Excerpts from a dataset
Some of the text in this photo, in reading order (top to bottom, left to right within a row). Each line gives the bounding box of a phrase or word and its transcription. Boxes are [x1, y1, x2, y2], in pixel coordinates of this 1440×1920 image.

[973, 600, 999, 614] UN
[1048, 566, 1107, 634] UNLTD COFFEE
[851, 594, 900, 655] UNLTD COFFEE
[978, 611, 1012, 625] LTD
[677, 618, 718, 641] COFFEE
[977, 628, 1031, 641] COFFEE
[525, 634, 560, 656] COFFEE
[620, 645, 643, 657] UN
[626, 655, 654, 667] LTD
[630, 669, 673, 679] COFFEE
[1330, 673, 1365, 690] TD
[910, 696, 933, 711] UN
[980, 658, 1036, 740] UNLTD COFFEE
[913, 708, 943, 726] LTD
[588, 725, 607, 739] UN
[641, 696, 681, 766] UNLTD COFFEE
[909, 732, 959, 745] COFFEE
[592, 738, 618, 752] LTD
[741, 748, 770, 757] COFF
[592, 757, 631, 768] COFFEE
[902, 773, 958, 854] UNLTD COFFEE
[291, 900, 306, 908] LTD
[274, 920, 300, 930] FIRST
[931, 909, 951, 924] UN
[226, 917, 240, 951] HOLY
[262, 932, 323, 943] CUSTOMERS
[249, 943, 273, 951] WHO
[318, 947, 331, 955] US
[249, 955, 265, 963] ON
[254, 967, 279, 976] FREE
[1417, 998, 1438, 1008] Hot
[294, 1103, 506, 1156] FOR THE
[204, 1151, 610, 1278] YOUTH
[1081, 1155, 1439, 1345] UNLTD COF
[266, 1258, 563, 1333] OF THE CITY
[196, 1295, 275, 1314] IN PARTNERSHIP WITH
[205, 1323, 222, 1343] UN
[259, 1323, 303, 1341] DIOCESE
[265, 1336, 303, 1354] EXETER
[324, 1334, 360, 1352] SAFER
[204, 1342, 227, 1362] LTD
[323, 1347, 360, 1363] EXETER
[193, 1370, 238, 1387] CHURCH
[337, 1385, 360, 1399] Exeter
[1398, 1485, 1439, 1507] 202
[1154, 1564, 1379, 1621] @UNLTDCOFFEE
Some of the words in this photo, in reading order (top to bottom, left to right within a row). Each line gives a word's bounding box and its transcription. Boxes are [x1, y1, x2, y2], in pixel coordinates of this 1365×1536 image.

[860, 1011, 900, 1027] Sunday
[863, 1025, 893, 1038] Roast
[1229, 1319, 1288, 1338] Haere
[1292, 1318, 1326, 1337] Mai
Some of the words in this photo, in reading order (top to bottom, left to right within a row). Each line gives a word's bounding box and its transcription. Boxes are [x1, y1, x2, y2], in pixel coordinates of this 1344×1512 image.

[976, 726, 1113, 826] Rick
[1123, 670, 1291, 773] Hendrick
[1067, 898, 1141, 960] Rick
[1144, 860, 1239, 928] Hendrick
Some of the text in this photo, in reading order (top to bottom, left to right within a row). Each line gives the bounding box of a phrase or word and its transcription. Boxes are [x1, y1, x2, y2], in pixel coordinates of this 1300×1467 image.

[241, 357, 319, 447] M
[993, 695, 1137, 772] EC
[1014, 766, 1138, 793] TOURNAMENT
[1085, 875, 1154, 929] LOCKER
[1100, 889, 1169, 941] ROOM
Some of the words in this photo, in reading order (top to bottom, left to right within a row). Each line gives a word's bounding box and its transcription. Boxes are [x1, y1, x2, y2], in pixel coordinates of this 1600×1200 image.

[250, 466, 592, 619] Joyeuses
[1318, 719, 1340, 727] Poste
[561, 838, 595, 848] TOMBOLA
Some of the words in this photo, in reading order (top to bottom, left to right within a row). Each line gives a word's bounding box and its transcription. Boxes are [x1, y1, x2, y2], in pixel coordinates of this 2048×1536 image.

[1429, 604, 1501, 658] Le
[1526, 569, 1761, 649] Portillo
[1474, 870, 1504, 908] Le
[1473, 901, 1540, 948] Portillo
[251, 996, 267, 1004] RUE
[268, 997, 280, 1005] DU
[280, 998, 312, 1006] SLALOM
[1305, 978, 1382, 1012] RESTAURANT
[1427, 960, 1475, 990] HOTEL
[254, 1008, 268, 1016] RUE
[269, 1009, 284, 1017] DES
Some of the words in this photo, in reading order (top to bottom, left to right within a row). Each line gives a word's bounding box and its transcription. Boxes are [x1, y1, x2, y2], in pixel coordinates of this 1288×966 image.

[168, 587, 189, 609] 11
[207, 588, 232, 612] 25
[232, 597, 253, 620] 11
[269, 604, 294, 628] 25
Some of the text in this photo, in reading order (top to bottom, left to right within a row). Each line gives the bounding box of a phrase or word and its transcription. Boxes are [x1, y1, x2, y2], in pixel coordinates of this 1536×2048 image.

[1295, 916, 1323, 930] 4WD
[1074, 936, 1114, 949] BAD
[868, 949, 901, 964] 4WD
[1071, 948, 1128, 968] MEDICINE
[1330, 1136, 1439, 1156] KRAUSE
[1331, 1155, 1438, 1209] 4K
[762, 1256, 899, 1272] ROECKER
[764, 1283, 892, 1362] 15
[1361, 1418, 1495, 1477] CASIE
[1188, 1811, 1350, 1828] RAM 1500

■ Exercise details:
Retype every entry above, word for word.

■ The completed task:
Some of the text in this photo, in reading order (top to bottom, left to right within a row). Each line gives the bounding box of a phrase or word and its transcription. Boxes are [x1, y1, x2, y2], in pixel coordinates of this 1440×1920 image.

[973, 600, 999, 614] UN
[1048, 566, 1107, 634] UNLTD COFFEE
[851, 594, 900, 655] UNLTD COFFEE
[978, 611, 1012, 625] LTD
[677, 618, 718, 641] COFFEE
[977, 628, 1031, 641] COFFEE
[525, 634, 560, 656] COFFEE
[620, 645, 643, 657] UN
[626, 655, 654, 667] LTD
[630, 669, 673, 679] COFFEE
[1330, 673, 1365, 690] TD
[910, 696, 933, 711] UN
[980, 658, 1036, 740] UNLTD COFFEE
[913, 708, 943, 726] LTD
[588, 725, 607, 739] UN
[641, 696, 681, 766] UNLTD COFFEE
[909, 732, 959, 745] COFFEE
[592, 738, 618, 752] LTD
[741, 748, 770, 757] COFF
[592, 757, 631, 768] COFFEE
[902, 773, 958, 854] UNLTD COFFEE
[291, 900, 306, 908] LTD
[274, 920, 300, 930] FIRST
[931, 909, 951, 924] UN
[226, 917, 240, 951] HOLY
[262, 932, 323, 943] CUSTOMERS
[249, 943, 273, 951] WHO
[318, 947, 331, 955] US
[249, 955, 265, 963] ON
[254, 967, 279, 976] FREE
[1417, 998, 1438, 1008] Hot
[294, 1103, 506, 1156] FOR THE
[204, 1151, 610, 1278] YOUTH
[1081, 1155, 1439, 1345] UNLTD COF
[266, 1258, 563, 1333] OF THE CITY
[196, 1295, 275, 1314] IN PARTNERSHIP WITH
[205, 1323, 222, 1343] UN
[259, 1323, 303, 1341] DIOCESE
[265, 1336, 303, 1354] EXETER
[324, 1334, 360, 1352] SAFER
[204, 1342, 227, 1362] LTD
[323, 1347, 360, 1363] EXETER
[193, 1370, 238, 1387] CHURCH
[337, 1385, 360, 1399] Exeter
[1398, 1485, 1439, 1507] 202
[1154, 1564, 1379, 1621] @UNLTDCOFFEE
Some of the words in this photo, in reading order (top to bottom, left to right within a row). Each line gives a word's bounding box and its transcription. Boxes are [x1, y1, x2, y2], in pixel coordinates of this 1365×1536 image.

[860, 1011, 900, 1027] Sunday
[863, 1025, 893, 1038] Roast
[1229, 1319, 1288, 1338] Haere
[1292, 1318, 1326, 1337] Mai
Some of the words in this photo, in reading order (top to bottom, left to right within a row). Each line gives a word's bounding box and its transcription. Boxes are [x1, y1, x2, y2], in pixel coordinates of this 1344×1512 image.

[976, 726, 1113, 826] Rick
[1123, 670, 1291, 773] Hendrick
[1067, 898, 1141, 960] Rick
[1144, 860, 1239, 928] Hendrick
Some of the text in this photo, in reading order (top to bottom, left to right within a row). Each line gives the bounding box of a phrase or word and its transcription. Boxes are [x1, y1, x2, y2], in pixel coordinates of this 1300×1467 image.

[241, 357, 319, 447] M
[993, 695, 1137, 772] EC
[1014, 766, 1138, 793] TOURNAMENT
[1085, 875, 1154, 929] LOCKER
[1100, 889, 1169, 941] ROOM
Some of the words in this photo, in reading order (top to bottom, left to right within a row). Each line gives a word's bounding box and its transcription. Boxes are [x1, y1, x2, y2], in pixel coordinates of this 1600×1200 image.

[250, 466, 592, 619] Joyeuses
[1318, 719, 1340, 727] Poste
[561, 838, 595, 848] TOMBOLA
Some of the words in this photo, in reading order (top to bottom, left to right within a row). Each line gives a word's bounding box and its transcription. Boxes are [x1, y1, x2, y2], in pixel coordinates of this 2048×1536 image.

[1429, 604, 1501, 658] Le
[1526, 569, 1761, 649] Portillo
[1474, 870, 1504, 908] Le
[1473, 901, 1540, 948] Portillo
[251, 996, 267, 1004] RUE
[268, 997, 280, 1005] DU
[280, 998, 312, 1006] SLALOM
[1305, 978, 1382, 1012] RESTAURANT
[1427, 960, 1475, 990] HOTEL
[254, 1008, 268, 1016] RUE
[269, 1009, 284, 1017] DES
Some of the words in this photo, in reading order (top to bottom, left to right within a row). Each line gives a word's bounding box and its transcription. Boxes are [x1, y1, x2, y2], in pixel coordinates of this 1288×966 image.

[168, 587, 189, 609] 11
[207, 588, 232, 612] 25
[232, 597, 253, 620] 11
[269, 604, 294, 628] 25
Some of the text in this photo, in reading order (top to bottom, left to right within a row). Each line gives the bounding box of a phrase or word and its transcription. Boxes are [x1, y1, x2, y2], in pixel coordinates of this 1536×2048 image.

[1295, 916, 1323, 930] 4WD
[1074, 936, 1114, 949] BAD
[868, 949, 901, 964] 4WD
[1071, 948, 1128, 968] MEDICINE
[1330, 1136, 1439, 1156] KRAUSE
[1331, 1155, 1438, 1209] 4K
[762, 1256, 899, 1272] ROECKER
[764, 1283, 892, 1362] 15
[1361, 1418, 1495, 1477] CASIE
[1188, 1811, 1350, 1828] RAM 1500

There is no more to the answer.